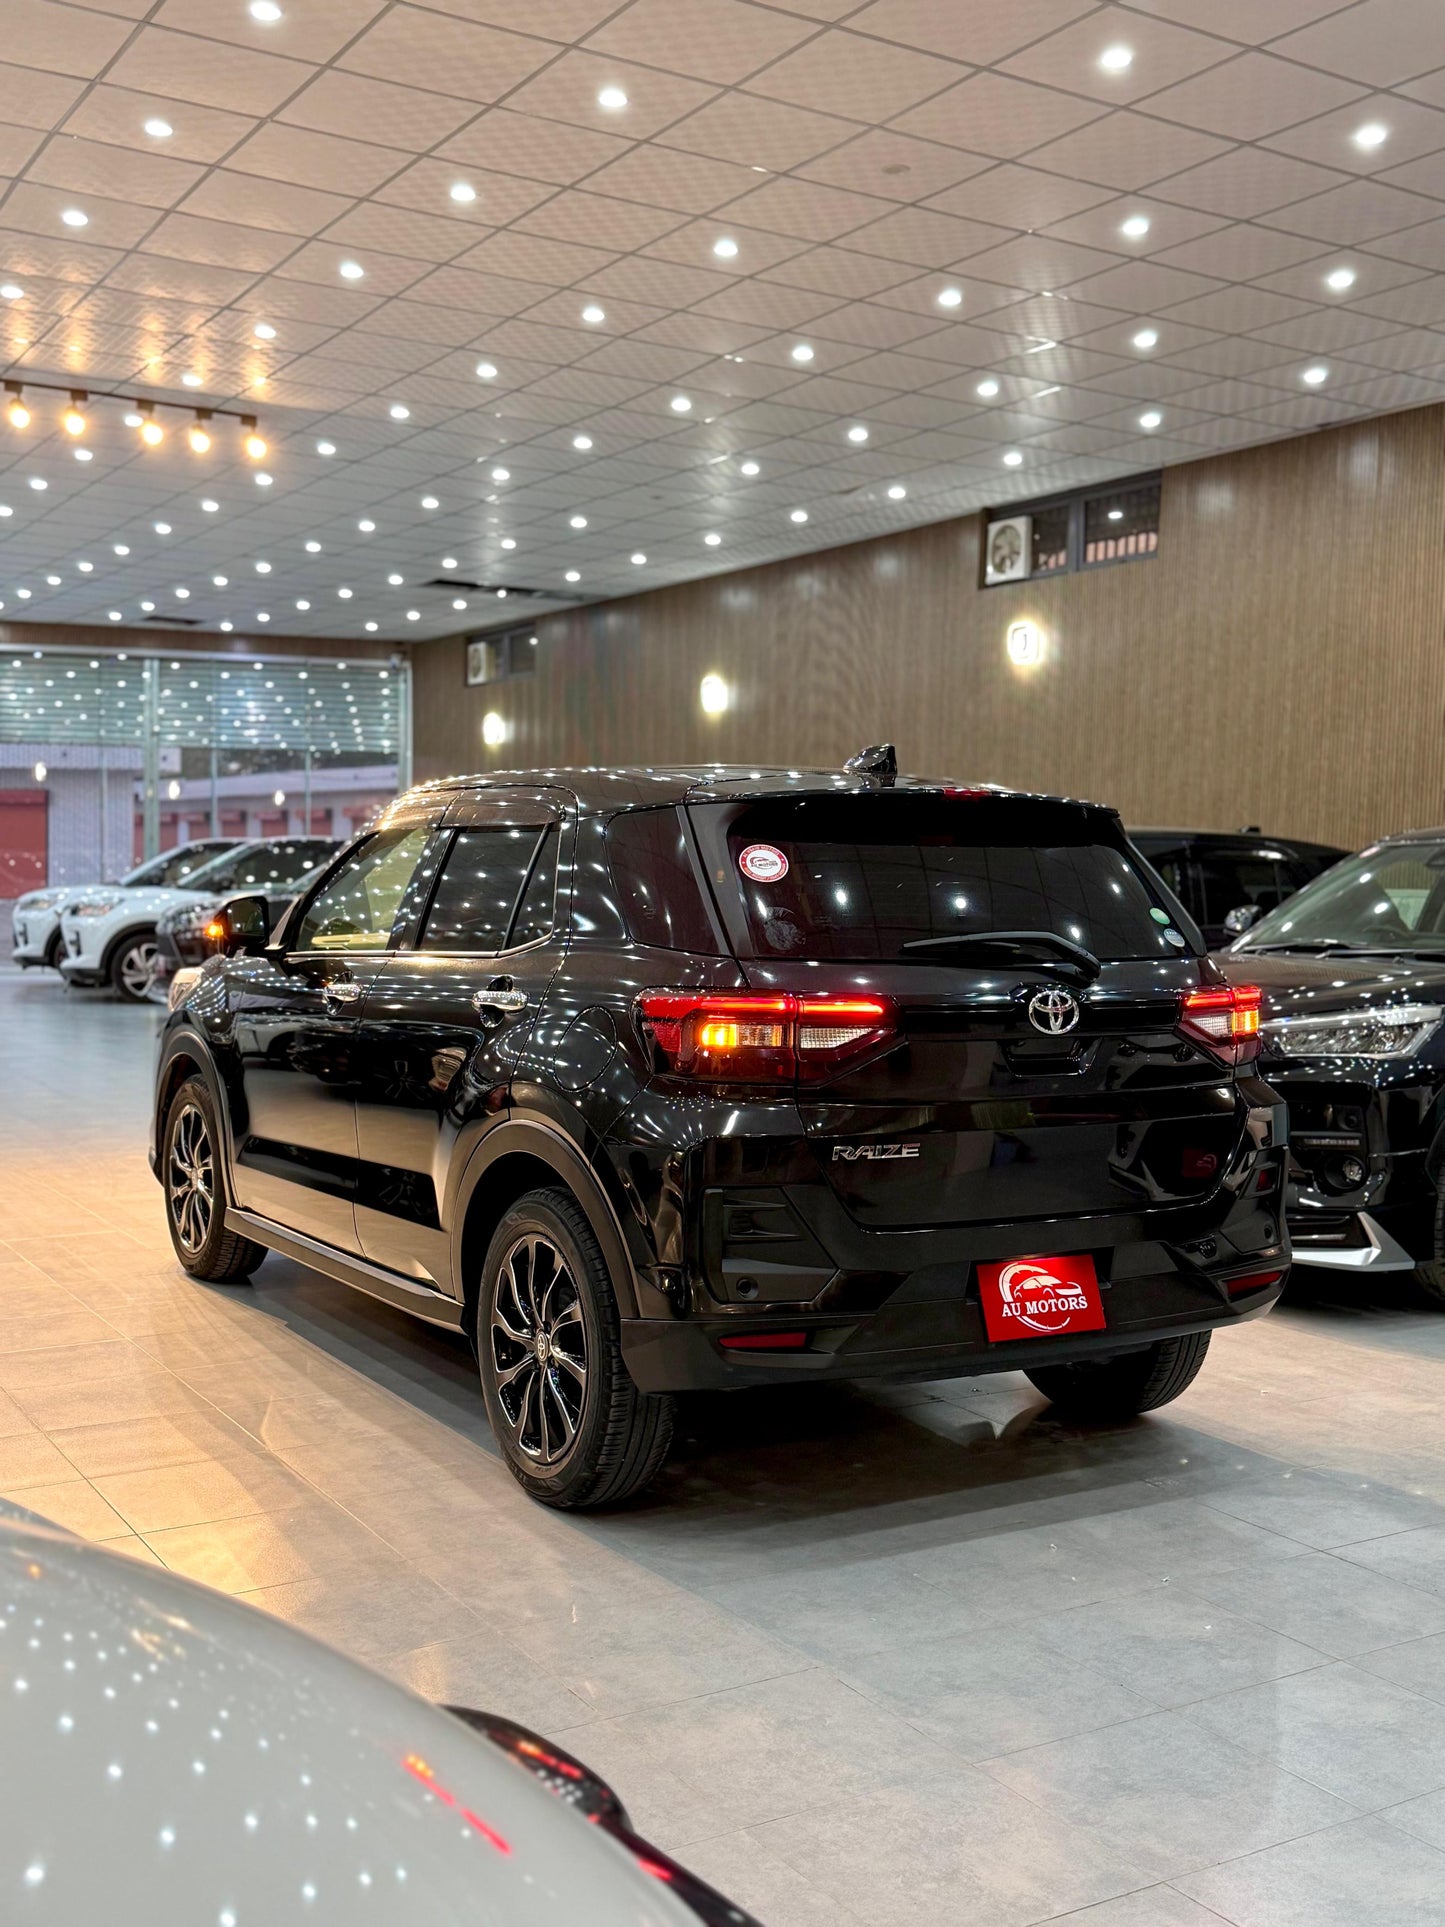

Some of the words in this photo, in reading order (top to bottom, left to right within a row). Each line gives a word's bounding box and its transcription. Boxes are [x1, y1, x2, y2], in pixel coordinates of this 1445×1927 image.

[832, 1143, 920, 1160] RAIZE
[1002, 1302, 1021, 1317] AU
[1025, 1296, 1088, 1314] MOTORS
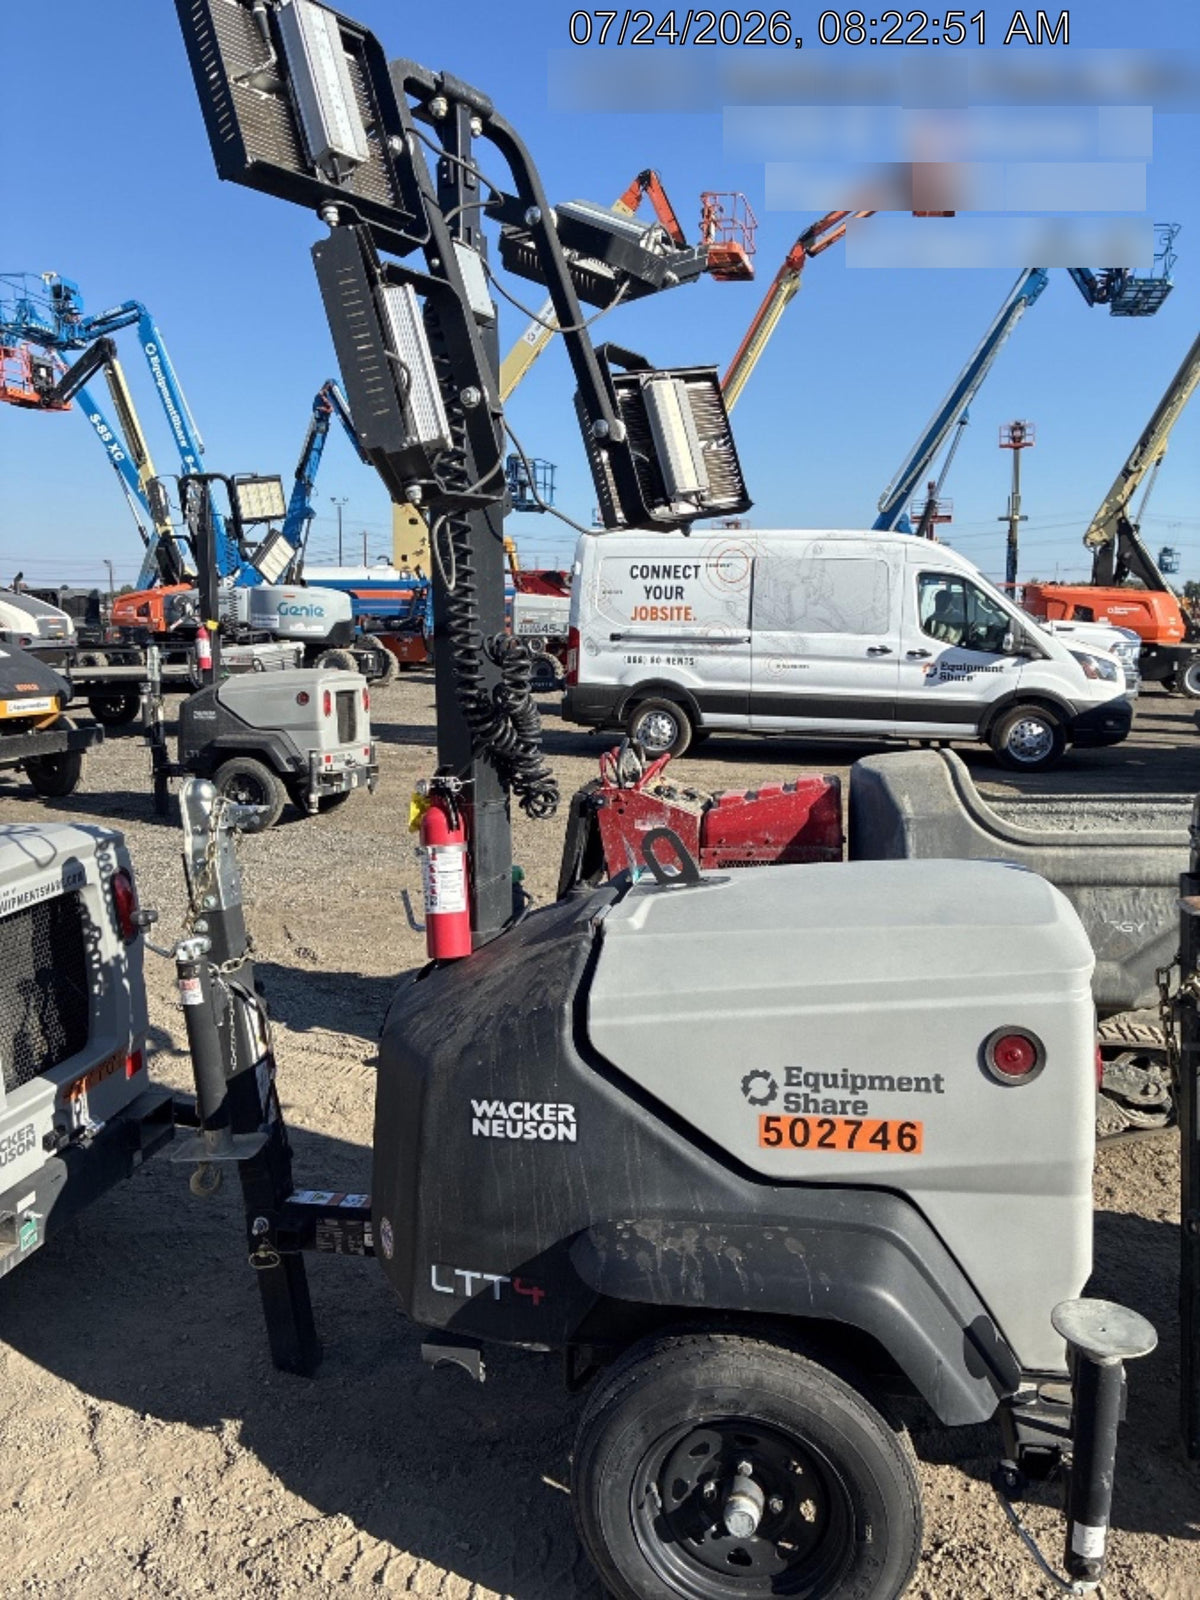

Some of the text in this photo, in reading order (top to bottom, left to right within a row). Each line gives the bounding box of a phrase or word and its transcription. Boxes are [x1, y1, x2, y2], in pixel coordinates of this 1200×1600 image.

★ ★ ★ ★

▶ **Problem statement**
With the images excluded, all entries are to be given again exactly.

▶ **Exercise response**
Some of the words in this photo, in reading order (top to bottom, left to right within a row). Each line gives a word's bounding box and its transcription. Boxes are [x1, y1, x2, y2], in pixel coordinates of this 1445×1927 image.

[832, 1143, 920, 1160] RAIZE
[1002, 1302, 1021, 1317] AU
[1025, 1296, 1088, 1314] MOTORS

Some of the text in this photo, in reading order (top to bottom, left to right within a row). Each line gives the bounding box of a phrase or word and its transcription. Boxes are [x1, y1, x2, y2], in pixel coordinates of this 1200×1600 image.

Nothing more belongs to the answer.